Over 70 years ago, Henry Christian wrote,
“The usual work program of the resident staffs of our hospitals is defective…it does not provide adequate training to develop interns and residents into well trained clinicians…undesirable emphasis placed on investigation as the most important factor in the training.”[3]
This constant barrage of constructive criticism has, probably, led to the exemplary standards that medicine has achieved today. Henry Christian, a student of the great William Osler, comes from a period of exclusive clinical diagnoses. His students, whose training he condemns, grew up to be stalwarts at a time when investigations took the focus away from clinical medicine. The author fittingly calls that “an era of master teachers.” And then came the new generation of “millennial teachers” who have had to make the transition from being students of the “laboratory investigations” era to being teachers in the “modern imaging era.” Probably, we will grow up to a future “telemedicine era” and learn to teach basics of teleconsultation.

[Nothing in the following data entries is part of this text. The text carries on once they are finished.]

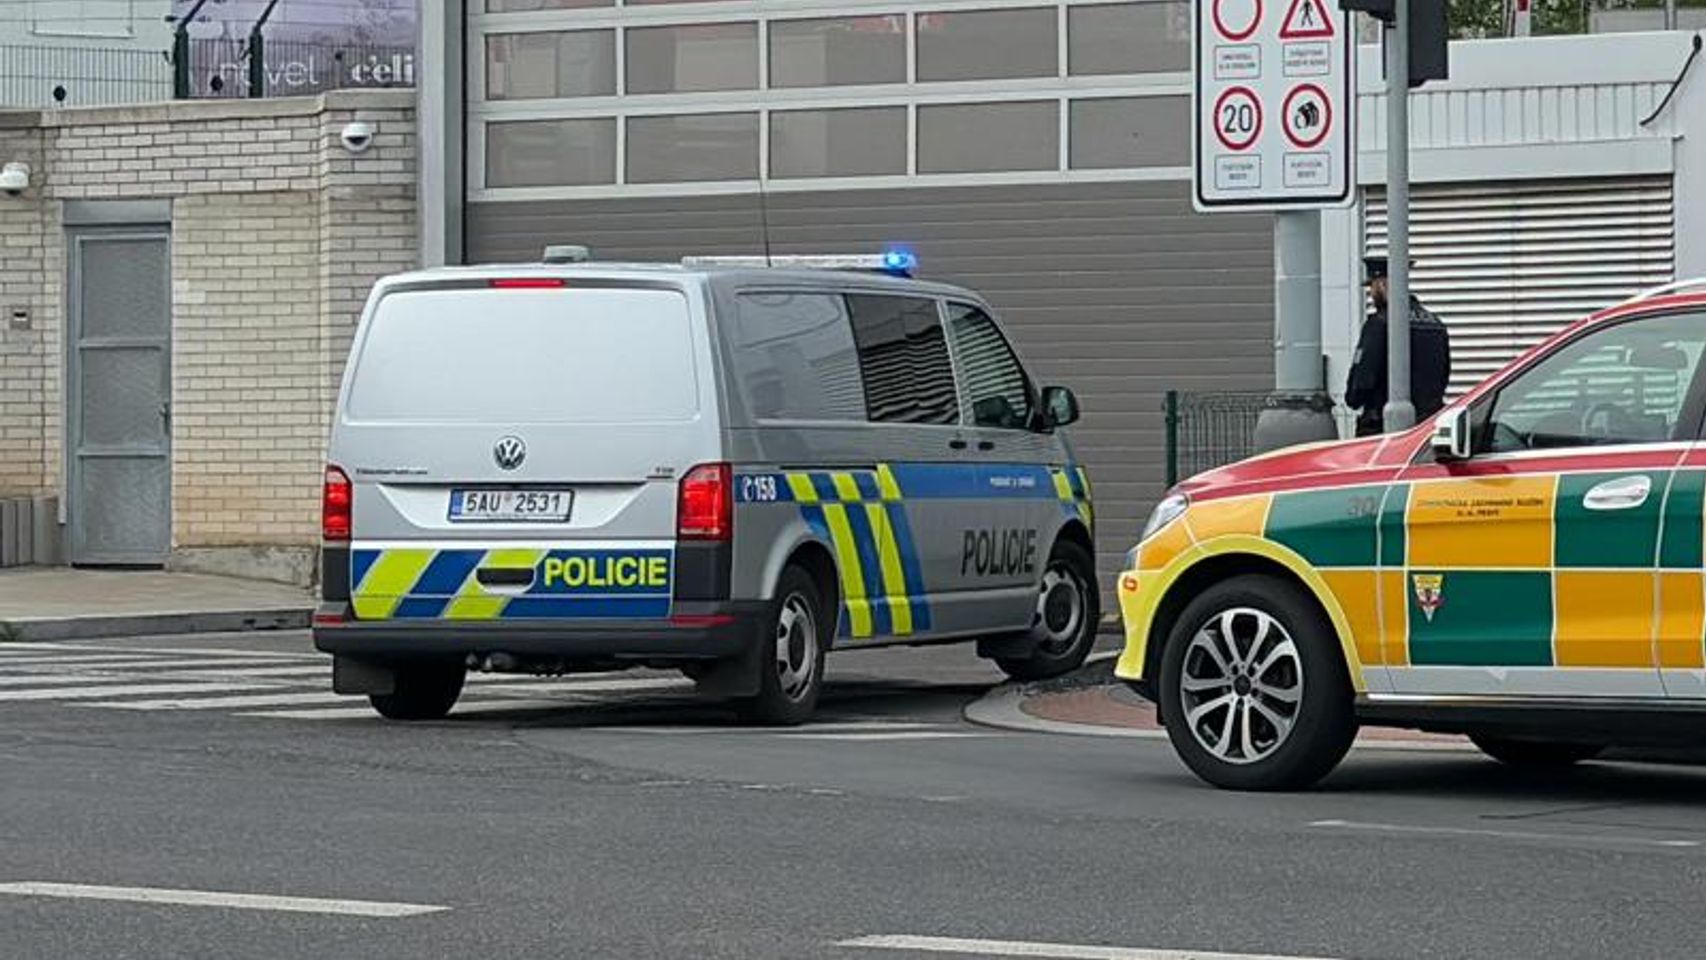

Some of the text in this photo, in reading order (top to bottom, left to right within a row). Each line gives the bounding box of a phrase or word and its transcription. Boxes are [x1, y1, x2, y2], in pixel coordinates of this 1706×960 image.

[1223, 104, 1253, 133] 20
[467, 493, 560, 512] 5AU 2531
[754, 476, 776, 501] 158
[962, 529, 1037, 576] POLICIE
[544, 556, 667, 587] POLICIE
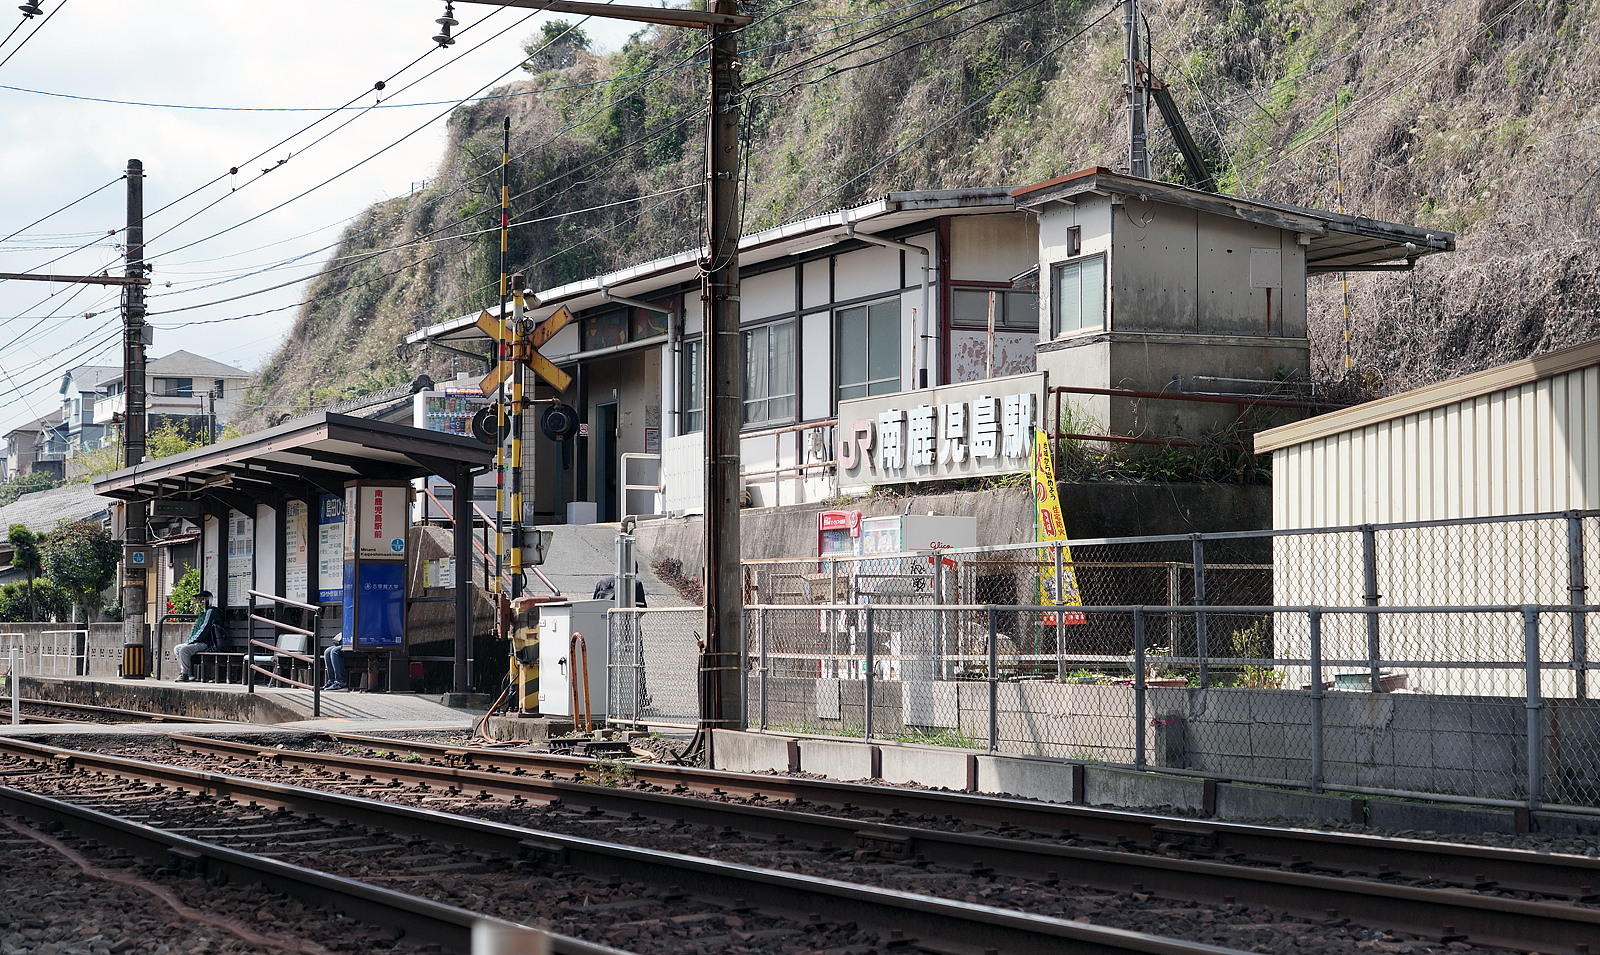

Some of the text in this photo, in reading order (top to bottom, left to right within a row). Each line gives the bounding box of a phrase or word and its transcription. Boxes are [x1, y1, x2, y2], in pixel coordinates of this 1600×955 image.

It is true that the ward rounds of today entail service-oriented tasks without sufficient educational time. This leads to a lack of patient contact and dedicated teaching time that arises from various competing priorities which Paul Bergl summarizes excellently –
“The complexity and acuity of inpatient care, resident work hour restrictions, and the focuses on quality, timely documentation and discharge seemingly have made bedside teaching an afterthought.”[4]
It requires years of practice and repeated exposure to physical findings to consistently recognize abnormalities. The senior professor’s demonstration of examination merits a prominent and permanent place on rounds. Being the most experienced member of the team, his or her evaluation has an impact on clinical decision making and serves to educate trainees. Thus, we must realign our priorities and bring teaching of the examination back to the bedside.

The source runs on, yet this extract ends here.